● **ENTRIES SHOWN**:
--- START ---

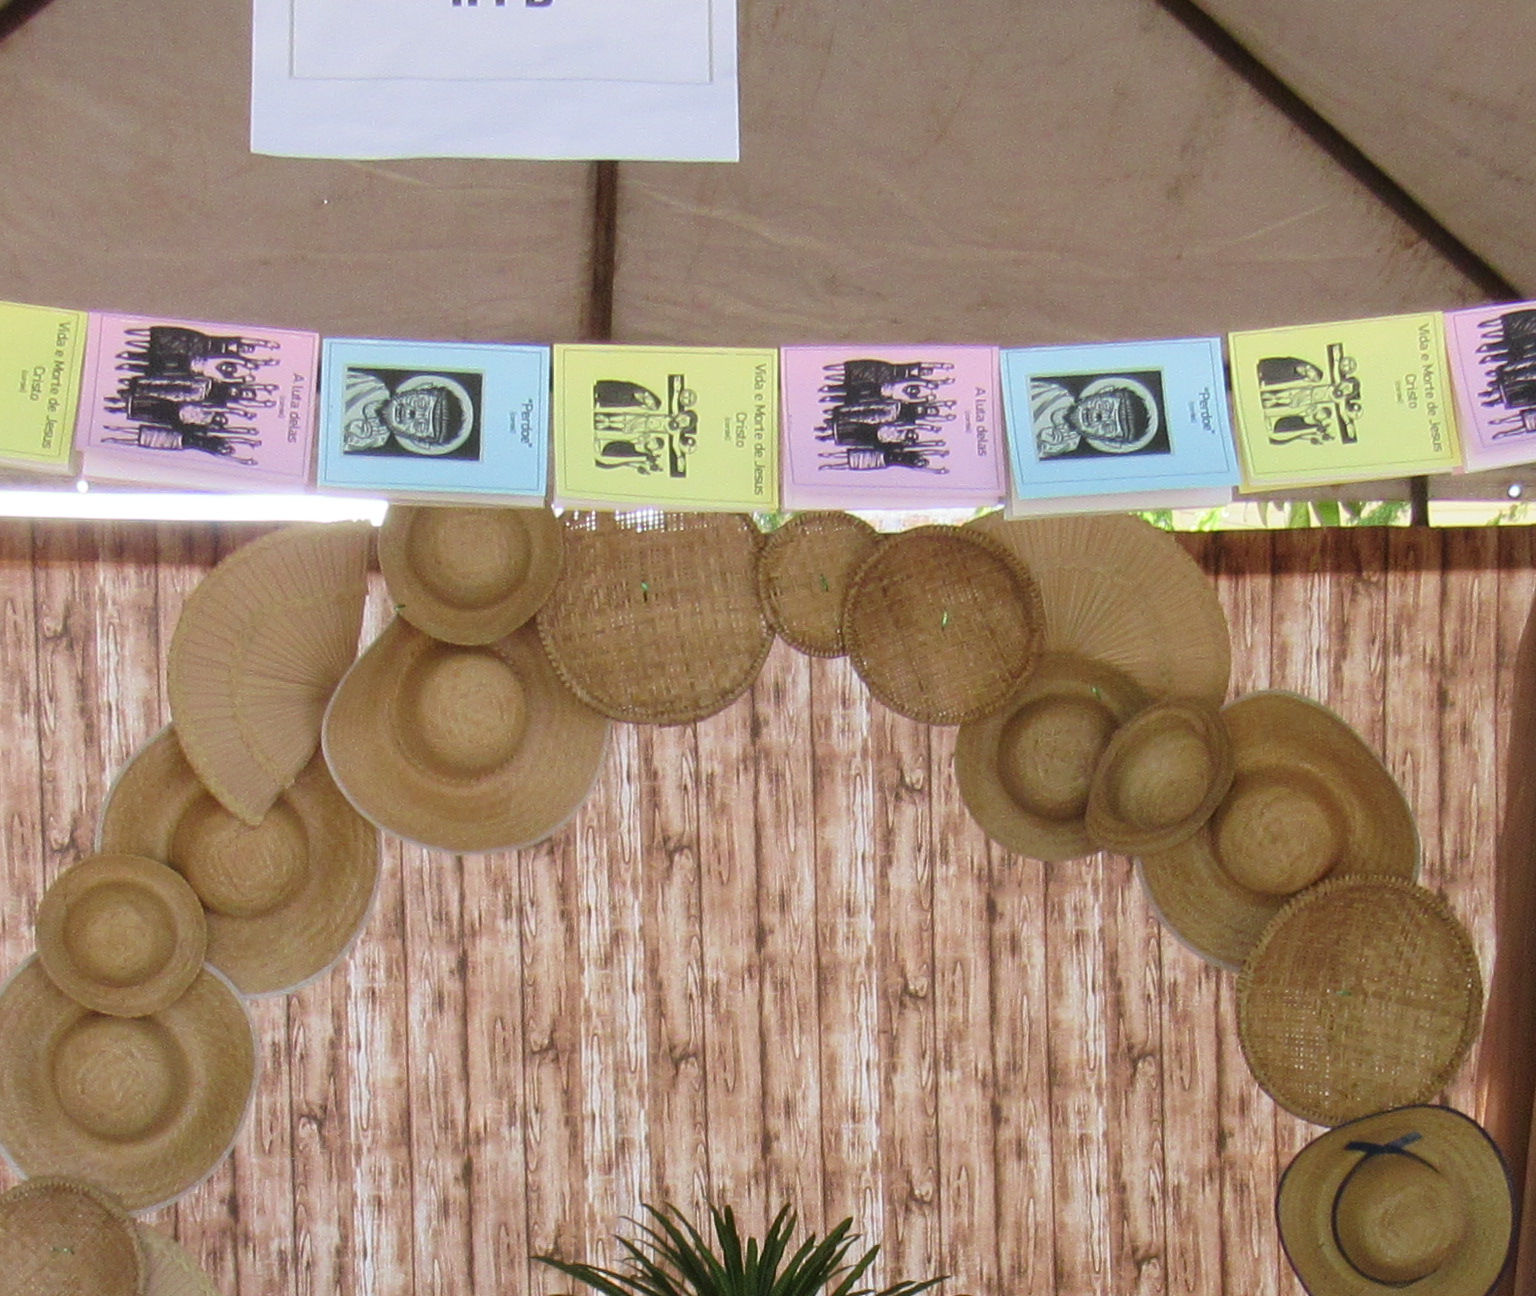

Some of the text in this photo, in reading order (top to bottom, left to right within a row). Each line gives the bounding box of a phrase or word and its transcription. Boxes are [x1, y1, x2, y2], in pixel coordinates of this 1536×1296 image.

[56, 322, 70, 346] Vida
[30, 366, 46, 401] Cristo
[51, 360, 66, 396] Morte
[755, 363, 767, 389] Vida
[1405, 374, 1417, 409] Cristo
[1418, 323, 1442, 453] Vida e Morte de Jesus
[48, 398, 60, 412] de
[288, 373, 304, 443] A luta delas
[755, 404, 766, 440] Morte
[975, 387, 988, 457] A luta delas
[42, 415, 57, 449] Jesus
[736, 412, 747, 448] Cristo
[755, 443, 765, 458] de
[755, 462, 765, 496] Jesus
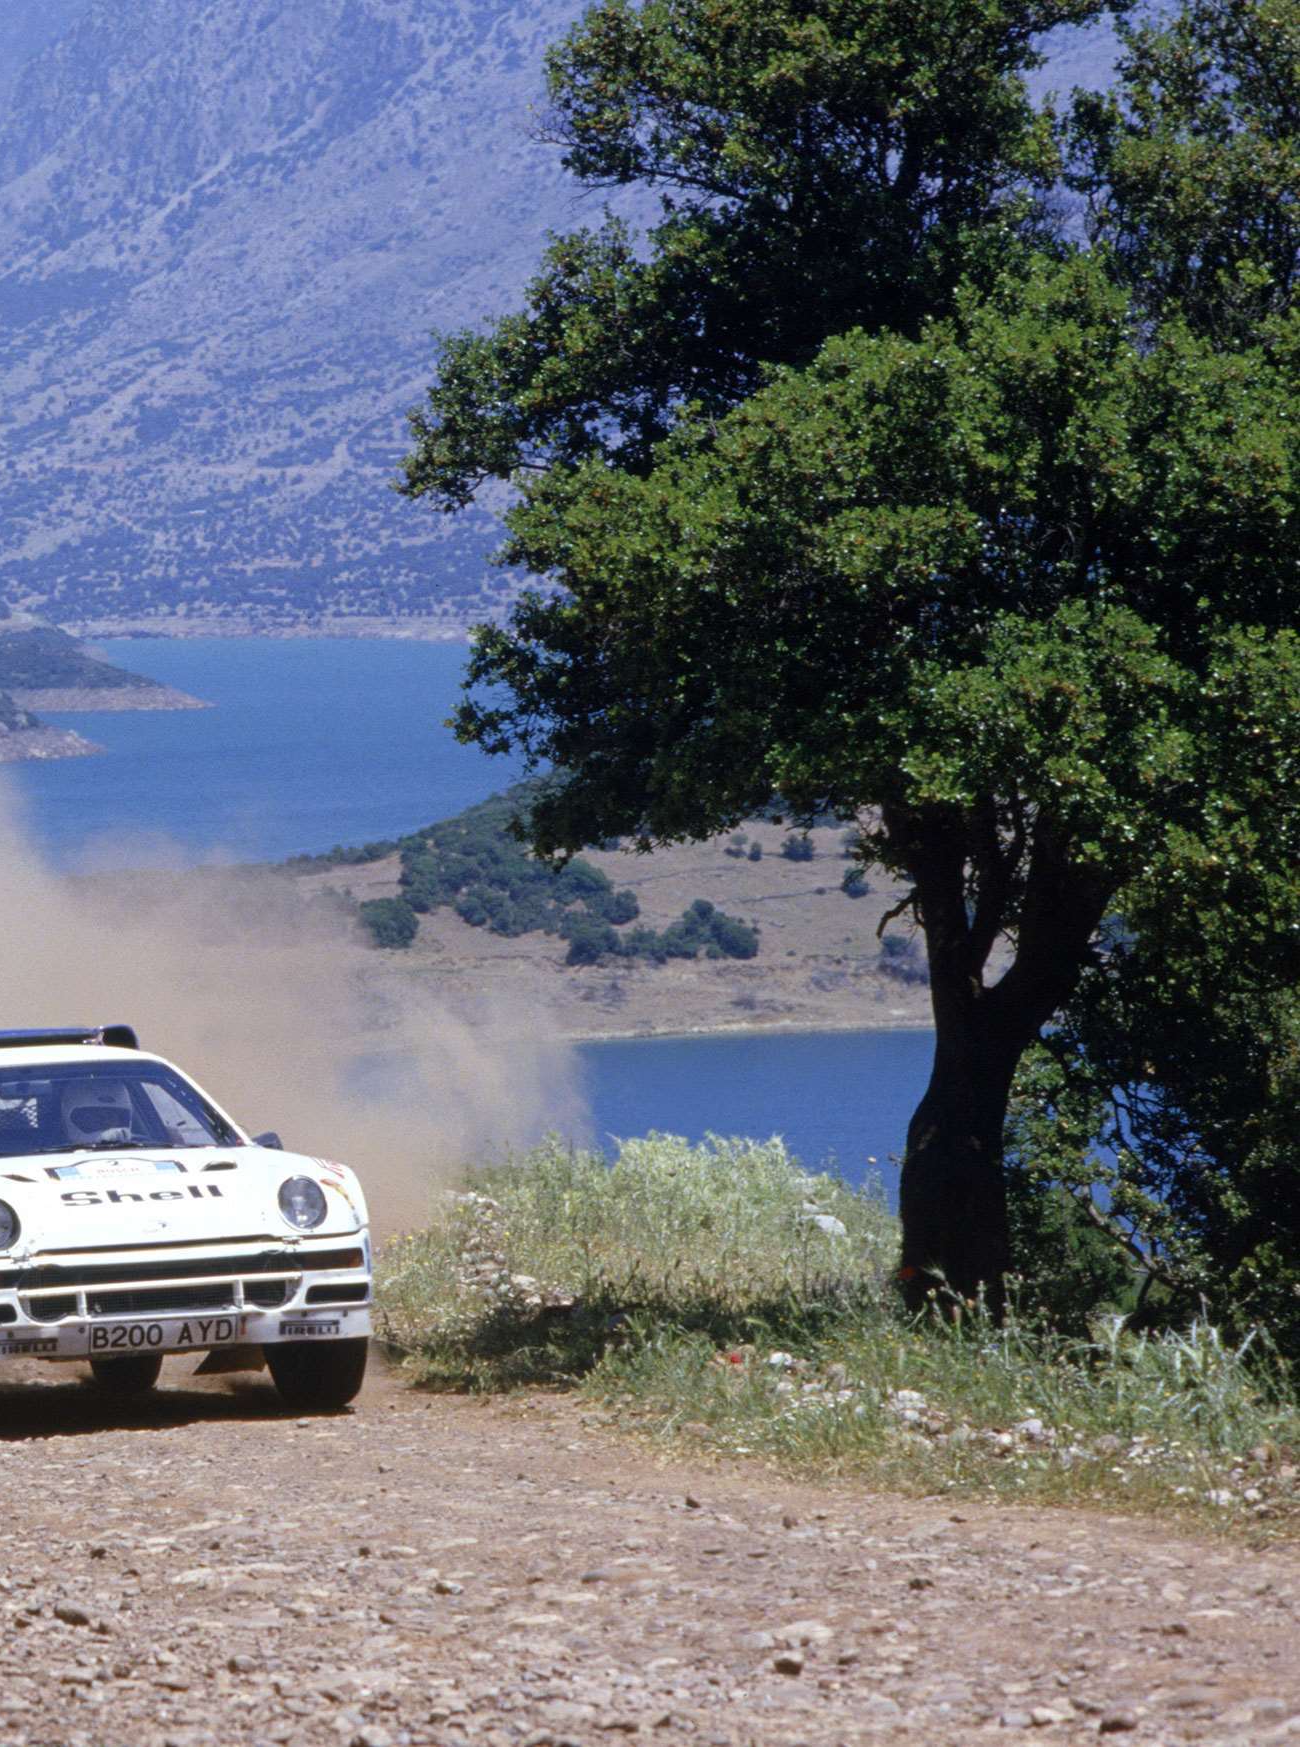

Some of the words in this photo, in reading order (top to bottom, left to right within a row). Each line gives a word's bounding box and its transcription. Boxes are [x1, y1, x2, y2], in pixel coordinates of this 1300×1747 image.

[60, 1185, 223, 1206] Shell
[92, 1323, 163, 1349] B200
[177, 1319, 233, 1345] AYD
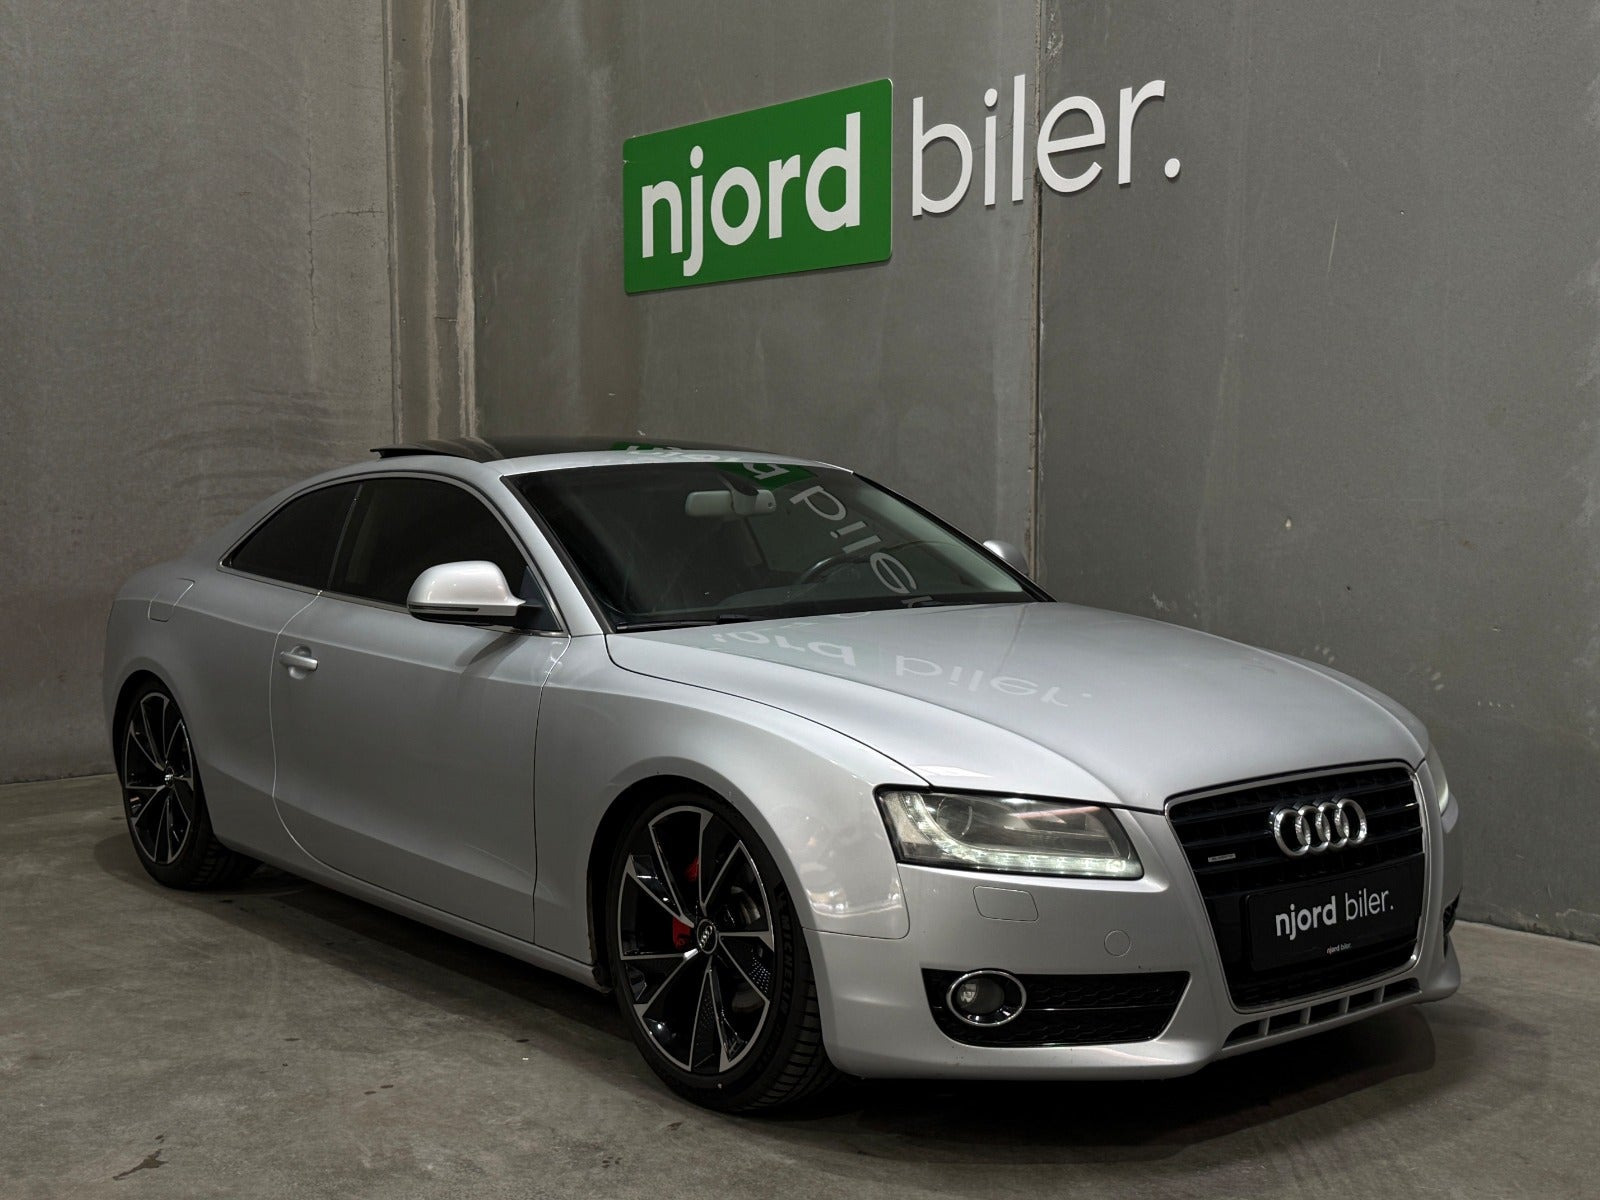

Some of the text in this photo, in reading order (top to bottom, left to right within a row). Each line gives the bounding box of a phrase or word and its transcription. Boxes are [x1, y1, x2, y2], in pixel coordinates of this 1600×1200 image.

[641, 73, 1181, 277] njord biler.
[1275, 887, 1394, 941] njord biler.

--- END ---

● **EXERCISE**:
Write each entry again exactly, minus any images.

● **RESPONSE**:
Some of the text in this photo, in reading order (top to bottom, left to right within a row). Each line gives the bounding box of a phrase or word and its transcription. Boxes are [x1, y1, x2, y2], in pixel coordinates of this 1536×1296 image.

[56, 322, 70, 346] Vida
[30, 366, 46, 401] Cristo
[51, 360, 66, 396] Morte
[755, 363, 767, 389] Vida
[1405, 374, 1417, 409] Cristo
[1418, 323, 1442, 453] Vida e Morte de Jesus
[48, 398, 60, 412] de
[288, 373, 304, 443] A luta delas
[755, 404, 766, 440] Morte
[975, 387, 988, 457] A luta delas
[42, 415, 57, 449] Jesus
[736, 412, 747, 448] Cristo
[755, 443, 765, 458] de
[755, 462, 765, 496] Jesus

Some of the words in this photo, in reading order (top to bottom, left to right within a row). Each line gives a word's bounding box and its transcription. Boxes are [x1, y1, x2, y2], in pixel coordinates of this 1300×1747 image.

[60, 1185, 223, 1206] Shell
[92, 1323, 163, 1349] B200
[177, 1319, 233, 1345] AYD

Some of the text in this photo, in reading order (top to bottom, left to right within a row). Each line gives the bounding box of a phrase or word and its transcription. Boxes are [x1, y1, x2, y2], in pixel coordinates of this 1600×1200 image.

[641, 73, 1181, 277] njord biler.
[1275, 887, 1394, 941] njord biler.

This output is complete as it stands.